### EXERCISE GOAL
Please return all records verbatim, no pictures.

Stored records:
········

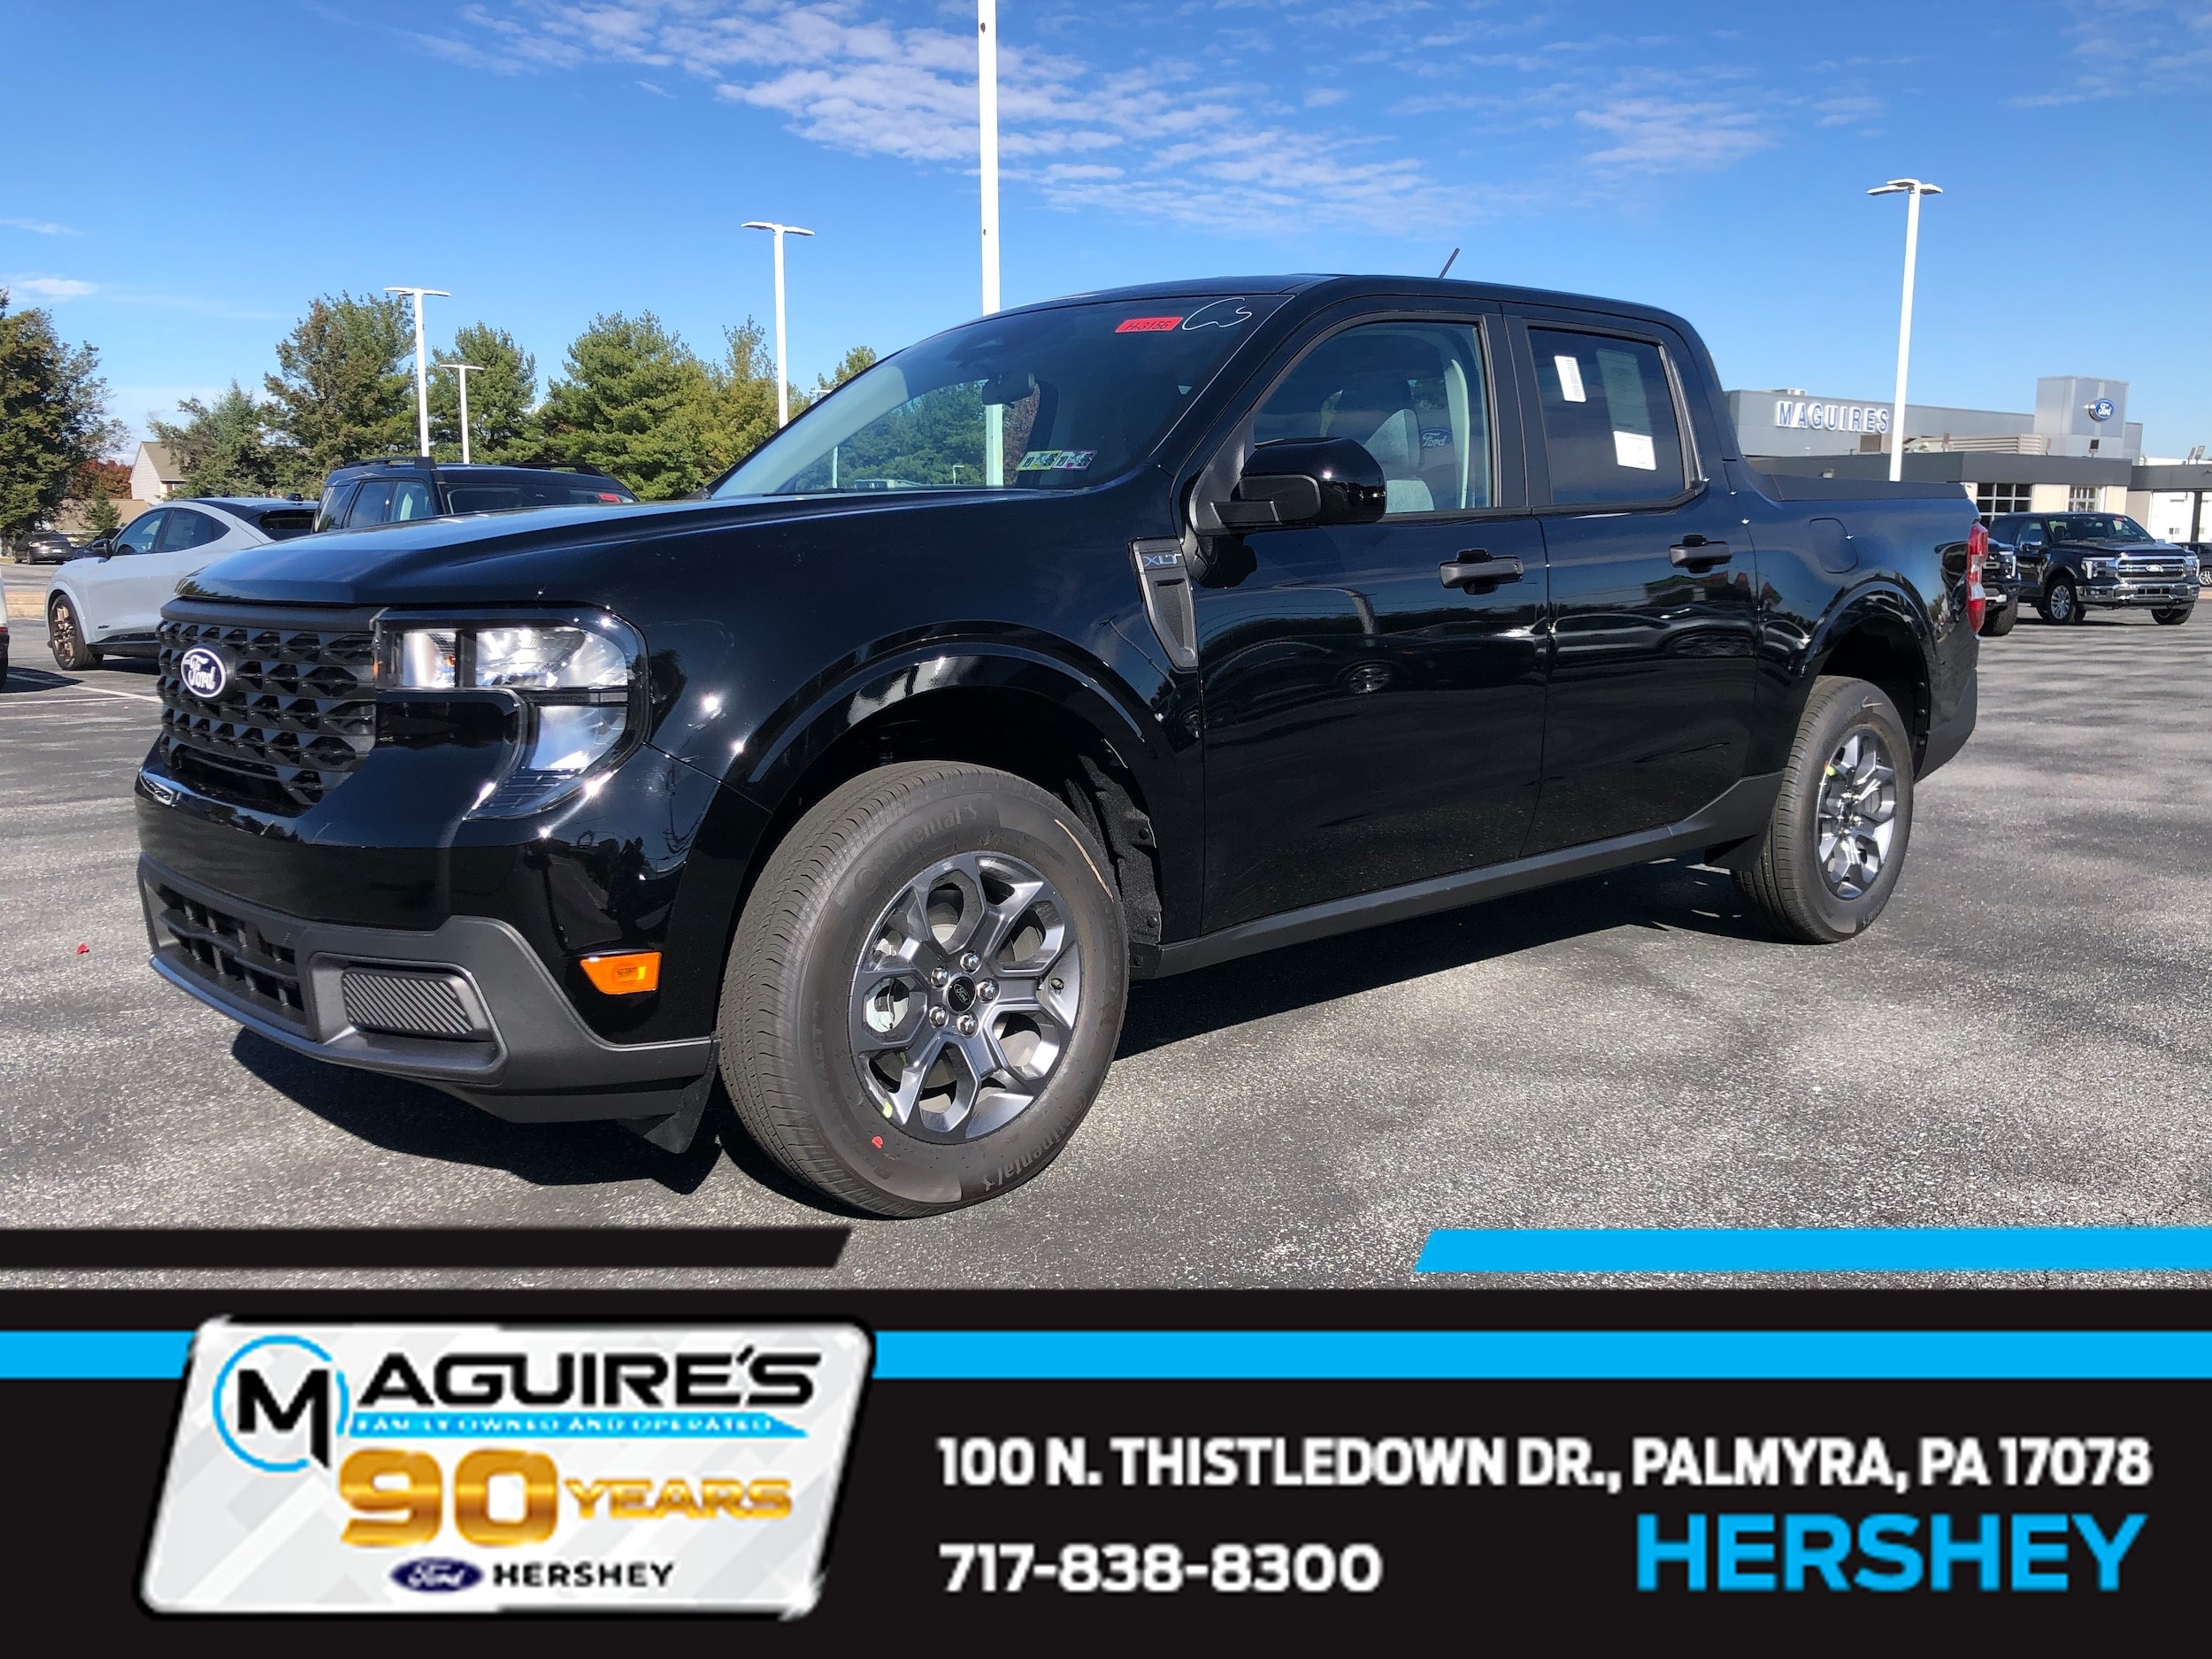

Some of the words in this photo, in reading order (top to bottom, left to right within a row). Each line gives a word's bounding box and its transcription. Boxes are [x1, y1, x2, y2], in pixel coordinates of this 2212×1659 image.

[1776, 401, 1889, 434] MAGUIRES
[1423, 432, 1448, 447] Ford
[1143, 553, 1182, 567] XLT
[183, 654, 217, 690] Ford
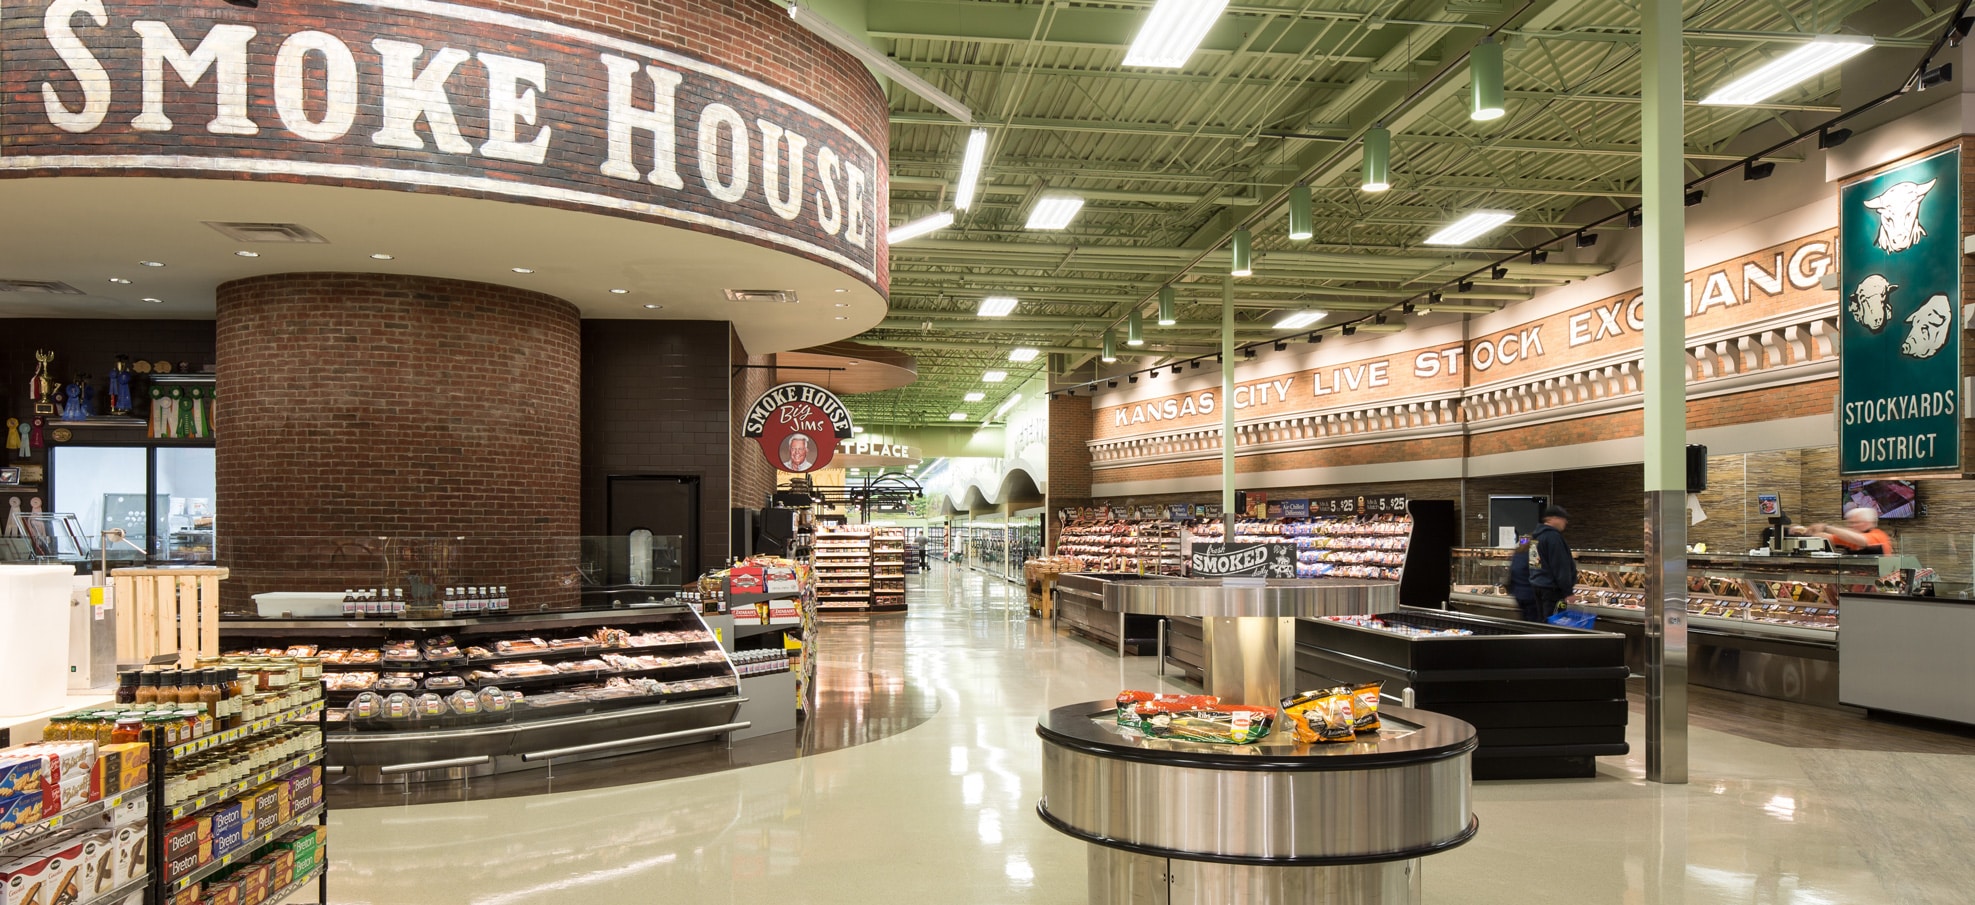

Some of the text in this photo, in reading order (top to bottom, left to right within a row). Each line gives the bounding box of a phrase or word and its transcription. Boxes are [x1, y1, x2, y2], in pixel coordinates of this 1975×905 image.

[42, 0, 868, 249] SMOKE HOUSE
[1115, 235, 1838, 427] KANSAS CITY LIVE STOCK EXCANG
[747, 386, 848, 434] SMOKE HOUSE
[780, 403, 813, 424] Big
[1846, 389, 1954, 425] STOCKYARDS
[1860, 433, 1936, 462] DISTRICT
[1330, 500, 1336, 512] 5
[1340, 499, 1353, 511] $25
[1379, 498, 1386, 511] 5
[1390, 497, 1405, 510] $25
[1192, 546, 1268, 573] SMOKED
[1206, 543, 1226, 558] fresh
[1251, 565, 1269, 579] daily
[295, 775, 312, 792] Breton
[258, 792, 277, 810] Breton
[295, 795, 312, 811] Breton
[217, 809, 240, 828] Breton
[258, 811, 278, 830] Breton
[172, 831, 197, 852] Breton
[218, 831, 241, 850] Breton
[296, 836, 315, 852] Breton
[172, 852, 198, 875] Breton
[296, 856, 313, 873] Breton
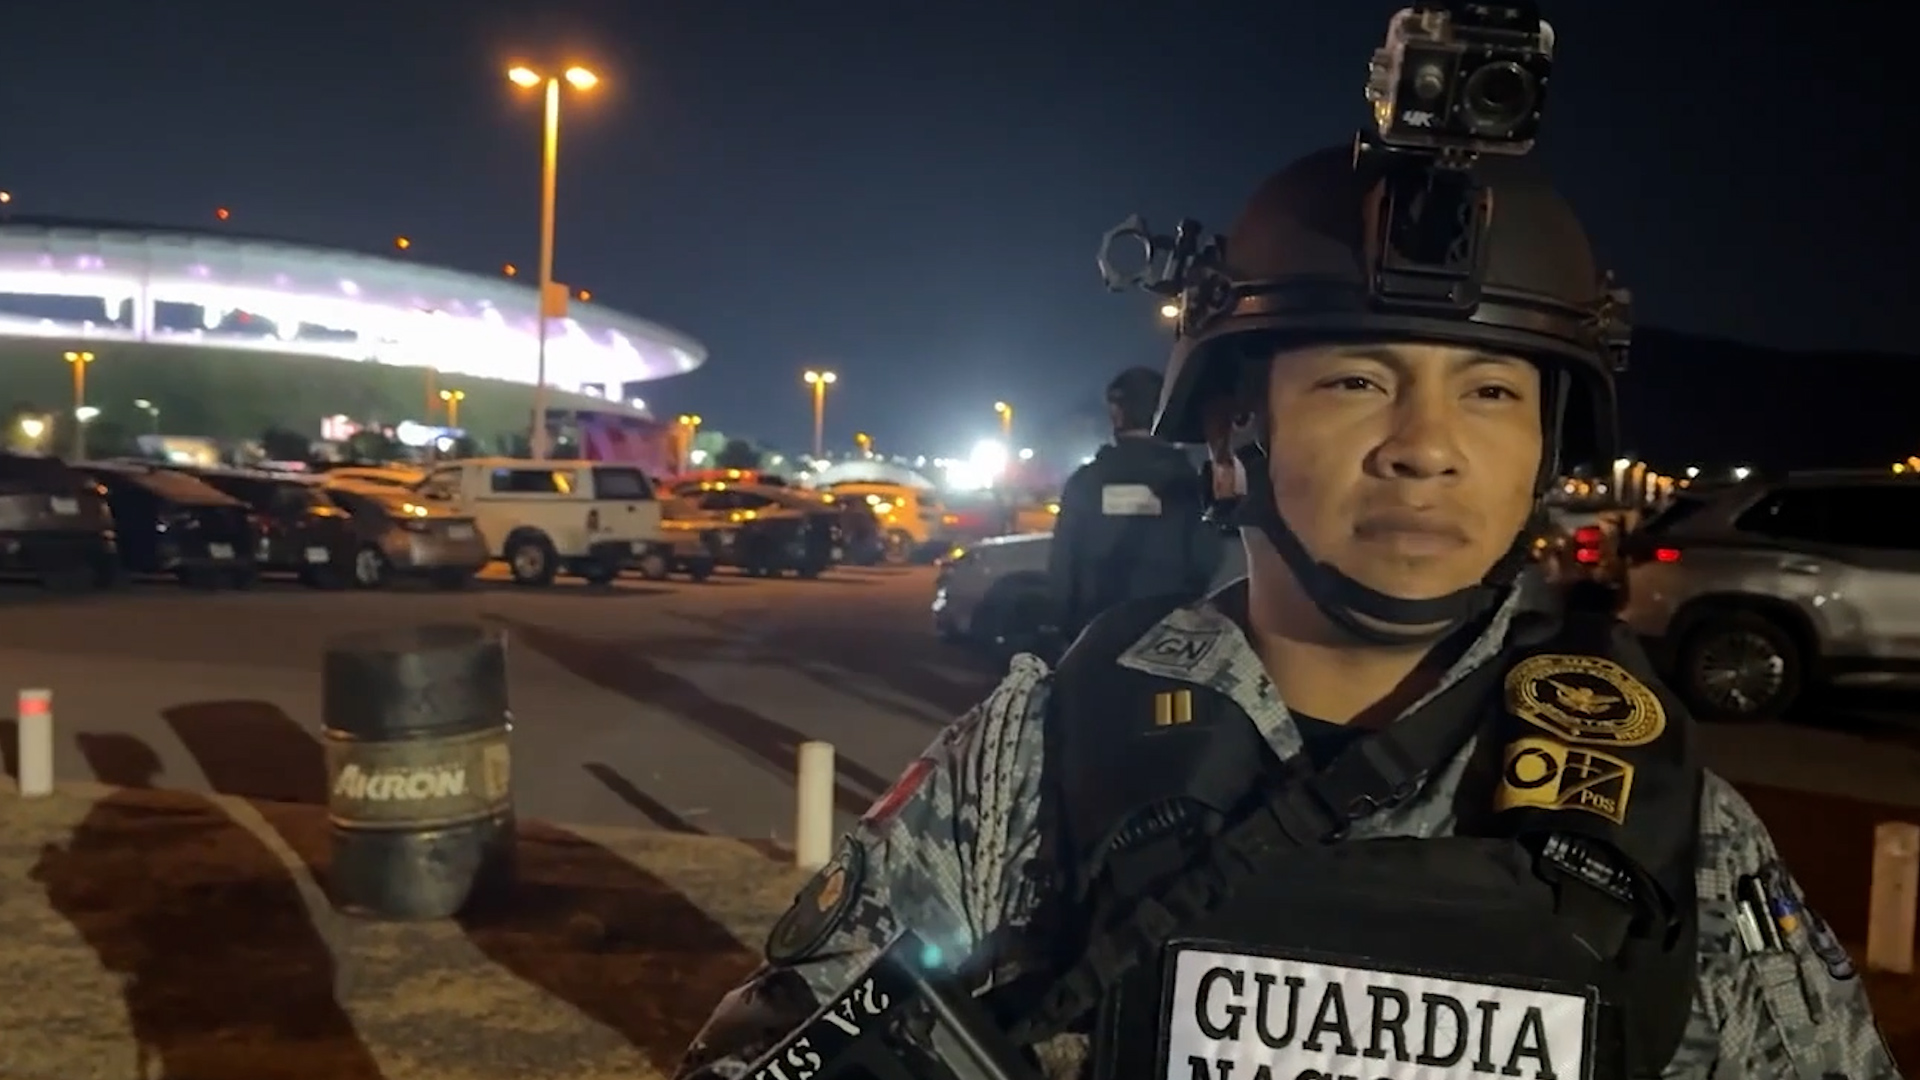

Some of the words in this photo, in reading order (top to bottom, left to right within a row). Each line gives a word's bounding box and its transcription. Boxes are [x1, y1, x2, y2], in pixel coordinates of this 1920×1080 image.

[1402, 110, 1434, 128] 4K
[1154, 637, 1207, 660] GN
[333, 764, 467, 801] AKRON
[1580, 788, 1616, 814] POS
[1195, 966, 1558, 1080] GUARDIA
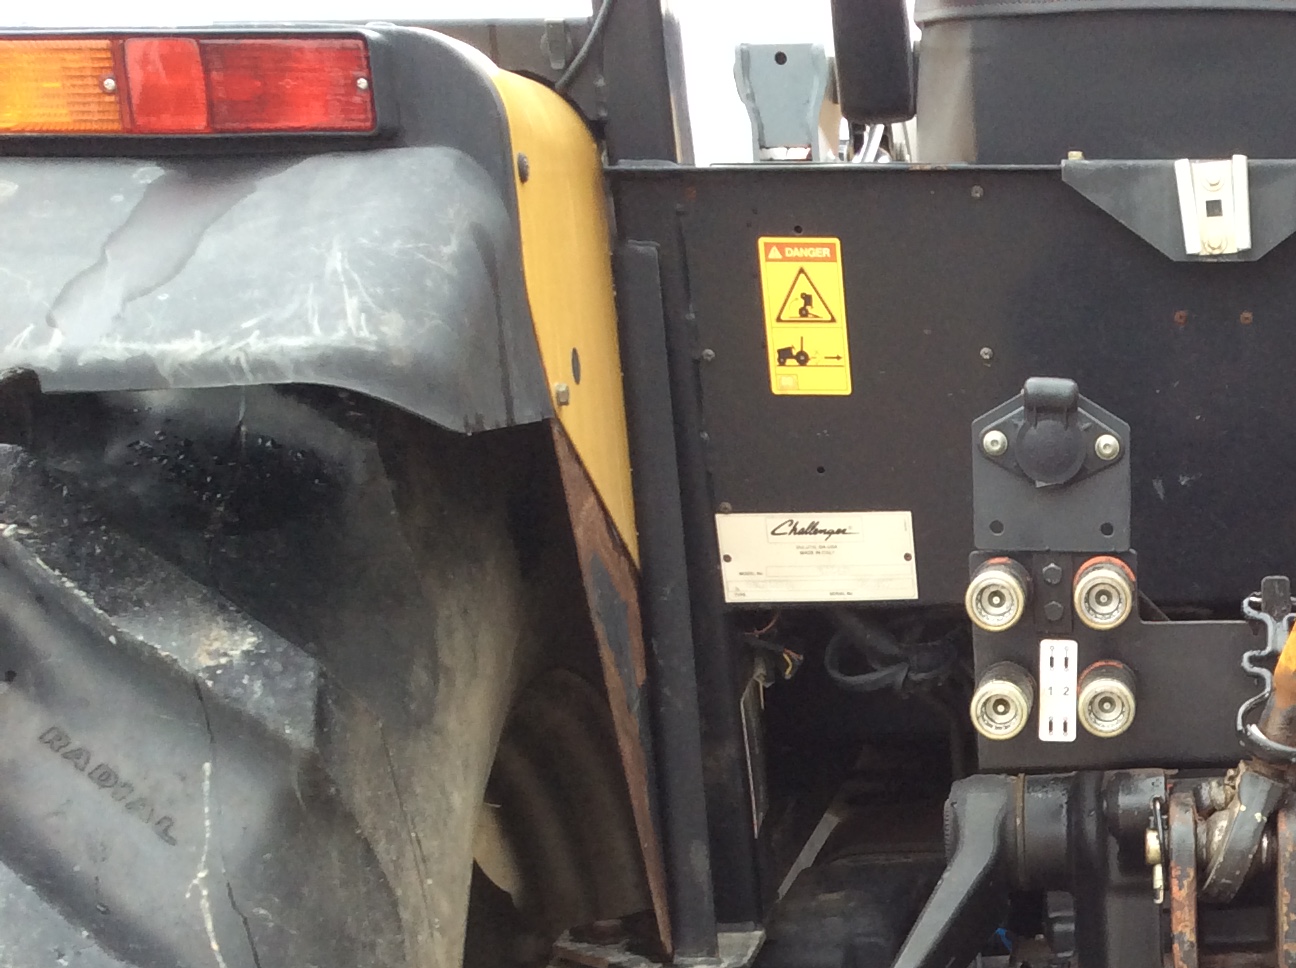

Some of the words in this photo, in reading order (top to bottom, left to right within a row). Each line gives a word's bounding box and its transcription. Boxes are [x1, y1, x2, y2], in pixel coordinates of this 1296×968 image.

[785, 247, 830, 258] DANGER
[770, 518, 859, 542] Challenger
[1063, 686, 1070, 696] 2

········

### TASK RESULT
Some of the words in this photo, in reading order (top to bottom, left to right within a row). Each line gives a word's bounding box and its transcription. Boxes are [x1, y1, x2, y2], in pixel coordinates of this 2212×1659 image.

[1776, 401, 1889, 434] MAGUIRES
[1423, 432, 1448, 447] Ford
[1143, 553, 1182, 567] XLT
[183, 654, 217, 690] Ford

Some of the text in this photo, in reading order (top to bottom, left to right within a row). Each line gives the bounding box of a phrase or word and its transcription. Boxes are [x1, y1, x2, y2], in pixel coordinates of this 1975×905 image.

[42, 0, 868, 249] SMOKE HOUSE
[1115, 235, 1838, 427] KANSAS CITY LIVE STOCK EXCANG
[747, 386, 848, 434] SMOKE HOUSE
[780, 403, 813, 424] Big
[1846, 389, 1954, 425] STOCKYARDS
[1860, 433, 1936, 462] DISTRICT
[1330, 500, 1336, 512] 5
[1340, 499, 1353, 511] $25
[1379, 498, 1386, 511] 5
[1390, 497, 1405, 510] $25
[1192, 546, 1268, 573] SMOKED
[1206, 543, 1226, 558] fresh
[1251, 565, 1269, 579] daily
[295, 775, 312, 792] Breton
[258, 792, 277, 810] Breton
[295, 795, 312, 811] Breton
[217, 809, 240, 828] Breton
[258, 811, 278, 830] Breton
[172, 831, 197, 852] Breton
[218, 831, 241, 850] Breton
[296, 836, 315, 852] Breton
[172, 852, 198, 875] Breton
[296, 856, 313, 873] Breton

Some of the words in this photo, in reading order (top to bottom, left to right within a row). Each line gives a word's bounding box and its transcription. Boxes are [x1, y1, x2, y2], in pixel coordinates of this 1920×1080 image.

[1402, 110, 1434, 128] 4K
[1154, 637, 1207, 660] GN
[333, 764, 467, 801] AKRON
[1580, 788, 1616, 814] POS
[1195, 966, 1558, 1080] GUARDIA

Some of the words in this photo, in reading order (top to bottom, left to right within a row). Each line gives a word's bounding box and its transcription. Boxes are [x1, y1, x2, y2], in pixel coordinates of this 1296×968 image.

[785, 247, 830, 258] DANGER
[770, 518, 859, 542] Challenger
[1063, 686, 1070, 696] 2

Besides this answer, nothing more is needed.